• WORK ORDER
Please set down every entry again exactly as it stands, without the pictures.

Images for object localization:
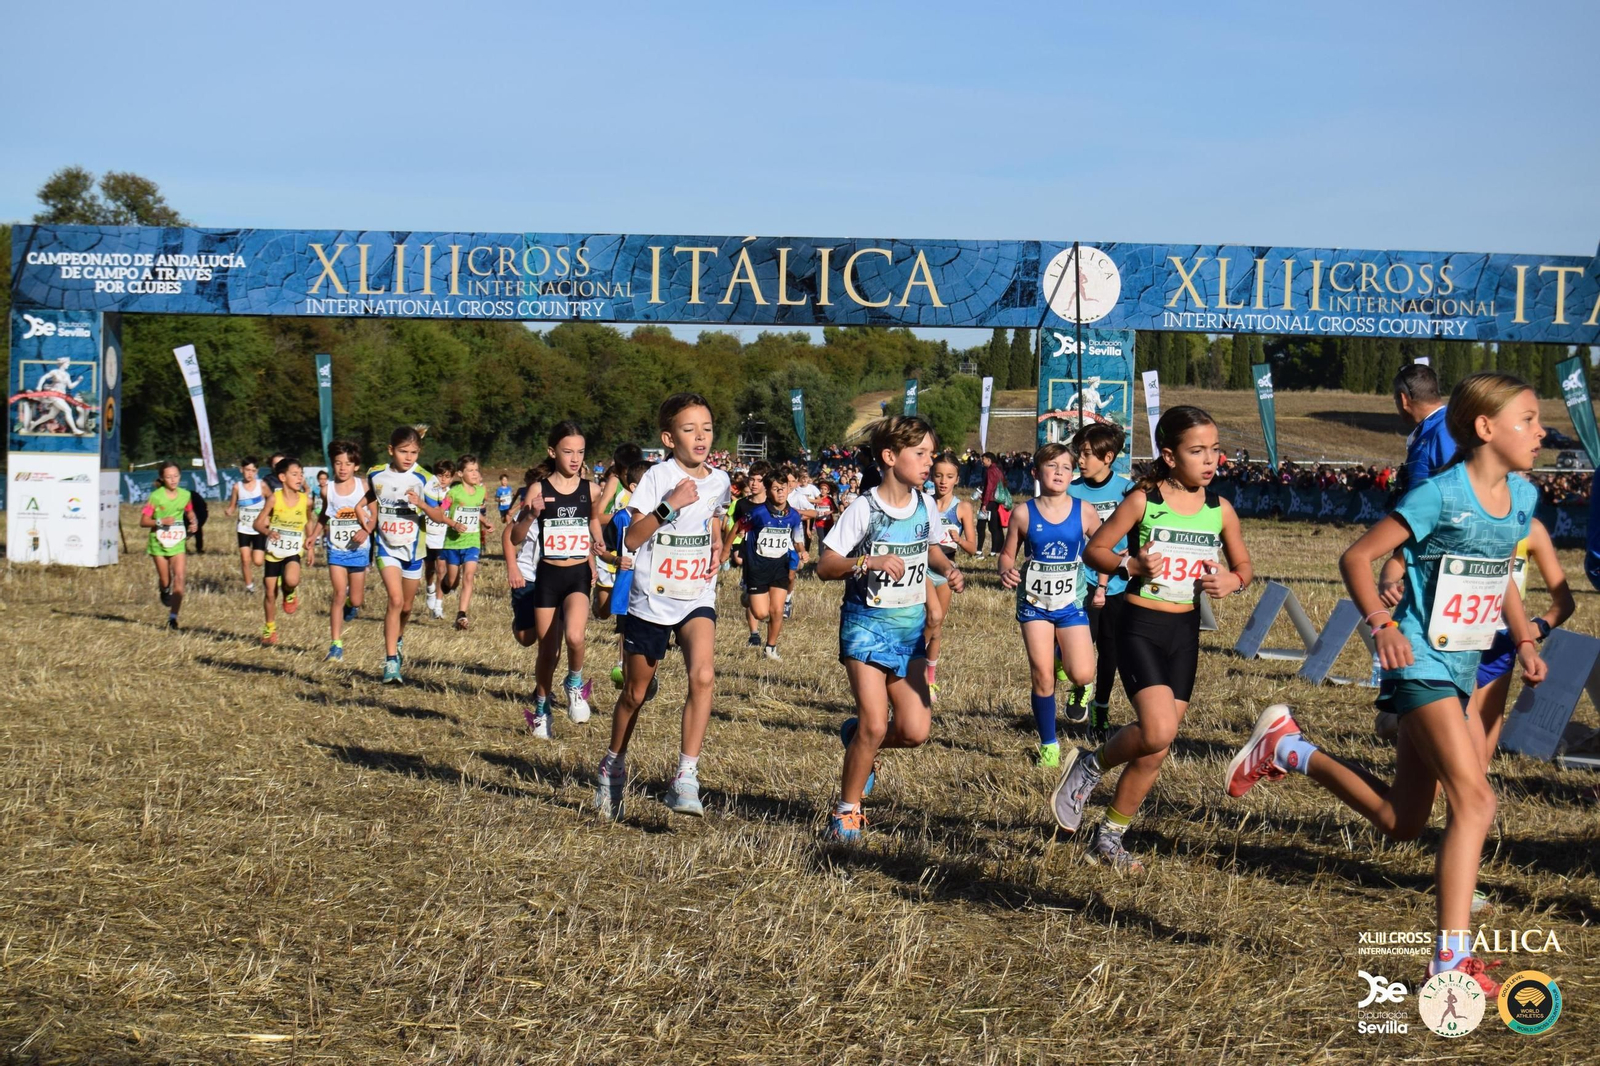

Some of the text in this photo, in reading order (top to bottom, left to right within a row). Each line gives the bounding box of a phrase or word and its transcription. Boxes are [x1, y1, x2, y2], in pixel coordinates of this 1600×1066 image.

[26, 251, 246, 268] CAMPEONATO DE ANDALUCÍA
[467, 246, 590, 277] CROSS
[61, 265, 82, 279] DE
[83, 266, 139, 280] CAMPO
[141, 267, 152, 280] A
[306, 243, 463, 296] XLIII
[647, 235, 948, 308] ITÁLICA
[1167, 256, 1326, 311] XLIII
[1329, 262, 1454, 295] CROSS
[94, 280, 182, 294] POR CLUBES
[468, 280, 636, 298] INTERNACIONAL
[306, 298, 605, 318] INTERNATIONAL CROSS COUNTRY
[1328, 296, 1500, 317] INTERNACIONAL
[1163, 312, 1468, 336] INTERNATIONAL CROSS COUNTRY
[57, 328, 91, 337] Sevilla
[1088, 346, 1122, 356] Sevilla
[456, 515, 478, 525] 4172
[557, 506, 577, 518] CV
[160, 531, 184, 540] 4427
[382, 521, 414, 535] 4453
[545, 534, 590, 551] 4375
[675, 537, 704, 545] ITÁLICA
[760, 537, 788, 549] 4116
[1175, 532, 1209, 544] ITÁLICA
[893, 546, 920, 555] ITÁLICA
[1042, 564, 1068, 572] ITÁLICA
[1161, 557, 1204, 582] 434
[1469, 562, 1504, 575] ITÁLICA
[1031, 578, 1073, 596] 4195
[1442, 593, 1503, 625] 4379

• TASK OUTPUT
Some of the text in this photo, in reading order (top to bottom, left to right within a row). Each line gives the bounding box of a phrase or word and its transcription. Boxes are [x1, y1, x2, y2], in pixel coordinates of this 1600×1066 image.

[26, 251, 246, 268] CAMPEONATO DE ANDALUCÍA
[467, 246, 590, 277] CROSS
[61, 265, 82, 279] DE
[83, 266, 139, 280] CAMPO
[141, 267, 152, 280] A
[306, 243, 463, 296] XLIII
[647, 235, 948, 308] ITÁLICA
[1167, 256, 1326, 311] XLIII
[1329, 262, 1454, 295] CROSS
[94, 280, 182, 294] POR CLUBES
[468, 280, 636, 298] INTERNACIONAL
[306, 298, 605, 318] INTERNATIONAL CROSS COUNTRY
[1328, 296, 1500, 317] INTERNACIONAL
[1163, 312, 1468, 336] INTERNATIONAL CROSS COUNTRY
[57, 328, 91, 337] Sevilla
[1088, 346, 1122, 356] Sevilla
[456, 515, 478, 525] 4172
[557, 506, 577, 518] CV
[160, 531, 184, 540] 4427
[382, 521, 414, 535] 4453
[545, 534, 590, 551] 4375
[675, 537, 704, 545] ITÁLICA
[760, 537, 788, 549] 4116
[1175, 532, 1209, 544] ITÁLICA
[893, 546, 920, 555] ITÁLICA
[1042, 564, 1068, 572] ITÁLICA
[1161, 557, 1204, 582] 434
[1469, 562, 1504, 575] ITÁLICA
[1031, 578, 1073, 596] 4195
[1442, 593, 1503, 625] 4379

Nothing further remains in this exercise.